The U.S. Supreme Court backed donor privacy in a decision released Thursday, July 1.  The closely watched ruling was based on a case from California in which the state’s then-Attorney General Kamala Harris tried to require nonprofit organizations to disclose the identities of donors by requiring them to file an unredacted “Schedule B” with their taxes, which would reveal the identities of anyone giving $5,000 or more in money or goods.

Americans for Prosperity along with the Thomas More Law Center won an injunction against the California attorney general’s office in 2016, saying the requirement was a violation of donor’s right to free speech through their support of an organization or cause.

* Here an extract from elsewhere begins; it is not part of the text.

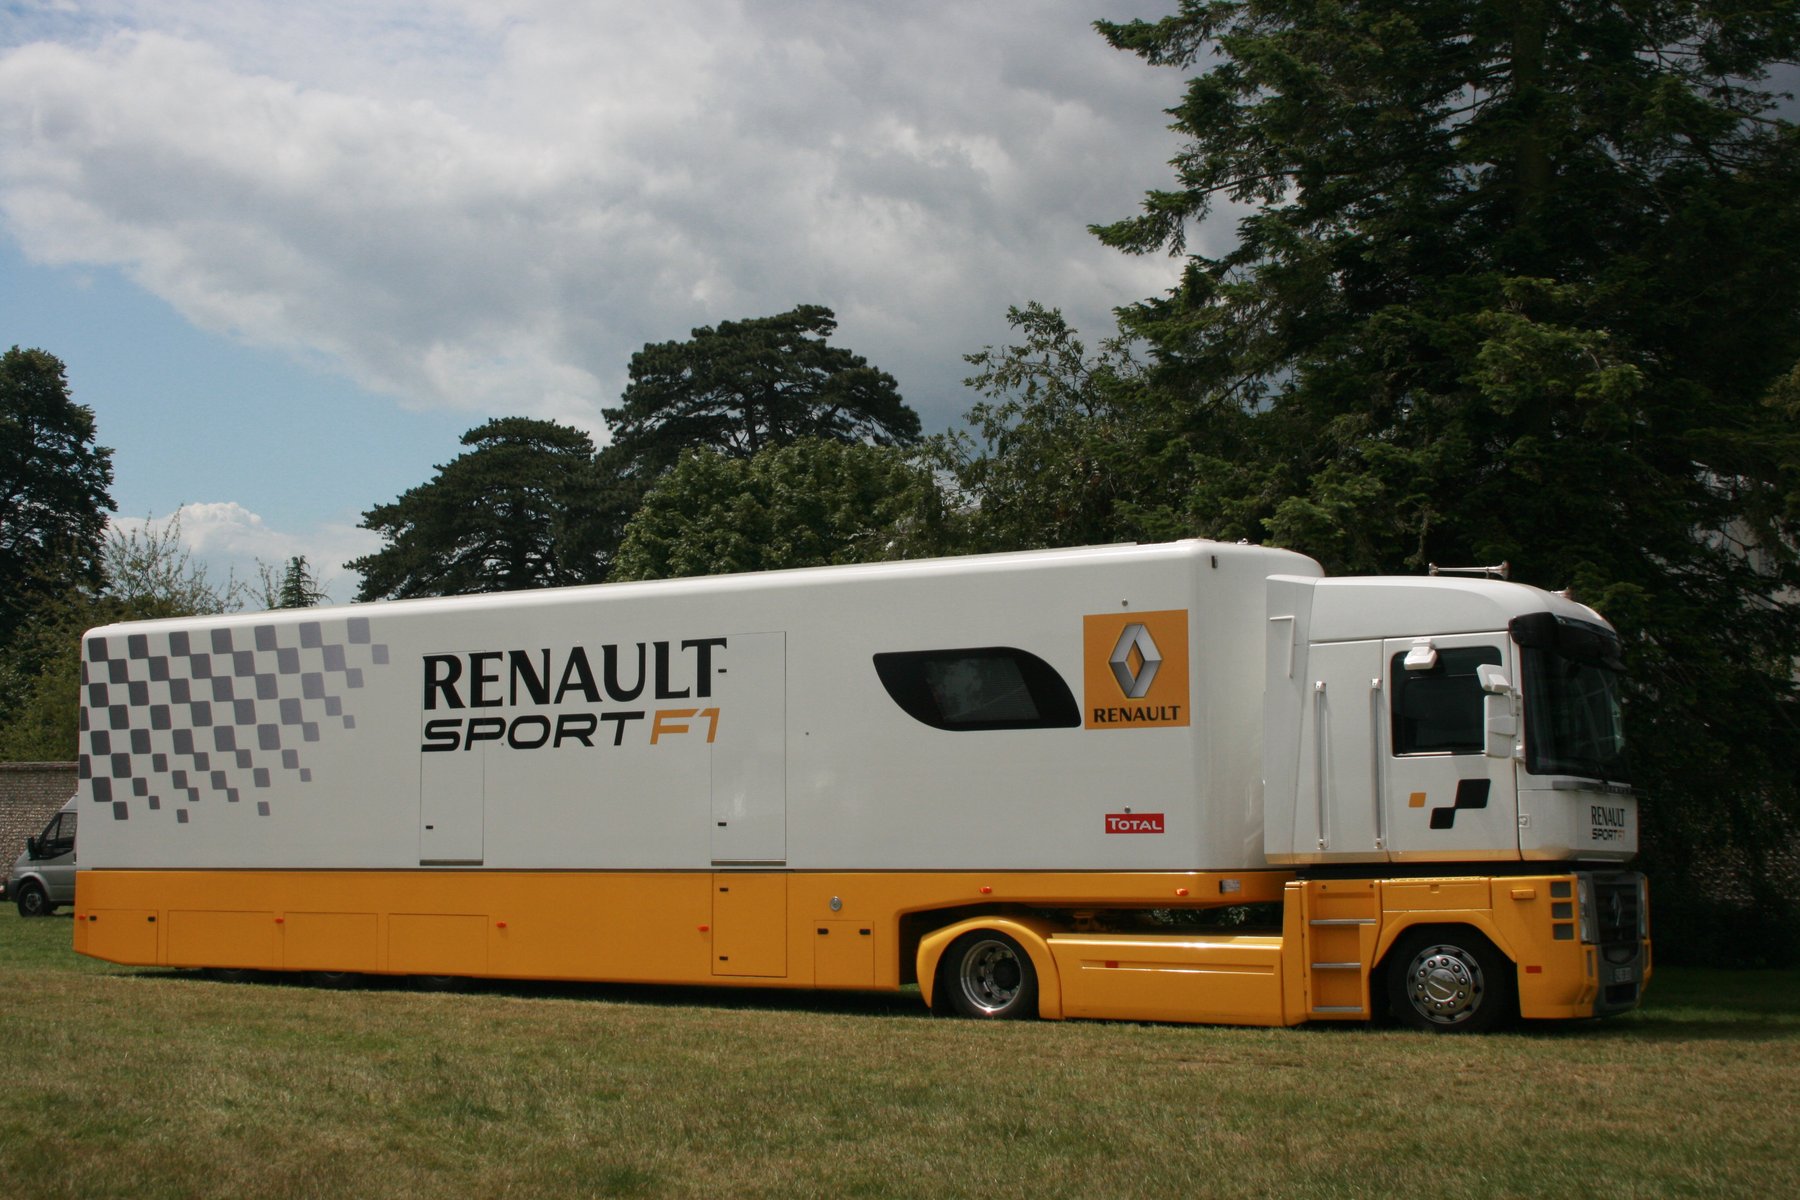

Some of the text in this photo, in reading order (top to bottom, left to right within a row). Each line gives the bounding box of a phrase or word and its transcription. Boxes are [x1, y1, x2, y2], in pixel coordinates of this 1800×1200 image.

[422, 637, 727, 710] RENAULT
[1093, 705, 1181, 723] RENAULT
[1107, 817, 1162, 831] TOTAL
[1591, 805, 1625, 827] RENAULT

The 9th U.S. Circuit Court of Appeals ruled that revealing donor identities did not violate the donors’ rights, forcing the case to the U.S. Supreme Court, where 22 amicus briefs from both liberal and conservative groups were filed to support AFP’s position.

The justices heard arguments in May and released their ruling in favor of the plaintiffs and protecting donor privacy as a First Amendment right. Chief Justice John Roberts wrote the opinion with concurrence from Justices Brett Kavanaugh, Amy Coney Barrett, Samuel Alito, Neil Gorsuch, and Clarence Thomas.  Justices Sonia Sotomayor, Stephen Breyer, and Elena Kagan dissented.

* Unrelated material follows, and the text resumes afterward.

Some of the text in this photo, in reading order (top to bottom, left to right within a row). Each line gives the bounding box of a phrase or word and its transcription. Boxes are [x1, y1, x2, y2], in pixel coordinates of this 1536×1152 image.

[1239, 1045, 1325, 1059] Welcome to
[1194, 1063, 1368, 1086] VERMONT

“California casts a dragnet for sensitive donor information from tens of thousands of charities each year, even though that information will become relevant in only a small number of cases involving filed complaints,” the decision read.

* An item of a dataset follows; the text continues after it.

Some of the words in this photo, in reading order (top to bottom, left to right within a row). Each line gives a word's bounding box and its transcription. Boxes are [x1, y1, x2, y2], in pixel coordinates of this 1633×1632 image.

“We have no trouble concluding here that the Attorney General’s disclosure requirement is overbroad. The lack of tailoring to the State’s investigative goals is categorical — present in every case — as is the weakness of the State’s interest in administrative convenience. Every demand that might chill association, therefore, fails exacting scrutiny.”

The California Attorney General’s office argued that the “Schedule B” was necessary to root out tax fraud in organizations, but the majority of justices said it was not a legal justification for the violation of privacy and speech.

“We believe it is necessary for individuals to be able to express and promote their viewpoints through associational affiliations without personally exposing themselves to a political firestorm or governmental retaliation, and today’s decision upholds those rights,” Citizens United for Privacy said Thursday in a statement shortly after the ruling.

Donor privacy during Civil Rights era

The issue of donor privacy as a speech right actually dates back much further than this case, to at least the 1950s. During the earliest days of the civil rights era, states’ attorneys general wanted the donor list of the National Association for the Advancement of Colored People chapters.

As civil rights protests gained steam and donations, some states used new donation disclosure laws to root out financial support for the movement. North Carolina was one of the states to demand that the NAACP reveal its donors.

The NAACP says it lost more than half of its membership between 1955 and 1957. In 1958, the NAACP’s Alabama chapter sued the state over donor privacy in federal court and won. But the precedent of that decision has not always protected speech in the form of donations when similar lawsuits followed. In 2016, NAACP Legal Defense Fund filed a brief of support of AFP’s suit in the 9th Circuit. In Thursday’s ruling, the justices referred to the case as a precedent.

Today, with the growing “cancel culture” trend and political vigilantism, the threat to small donors is even more real, according to supporters of the issue.

N.C. Senate passes donor privacy

In North Carolina, a measure that would keep charitable donors’ personal information private was approved in the N.C. Senate in May. The 28-21 vote fell along party lines, with Republicans voting in favor of Senate Bill 636.

Some Democrats have opposed the measure, saying it could help shield political “dark money” from public disclosure. But bill authors say it does not change the reporting requirements of political campaign finance disclosure laws.  Electioneering donations fall under separate rules to ensure a public record of candidates’ financial supporters.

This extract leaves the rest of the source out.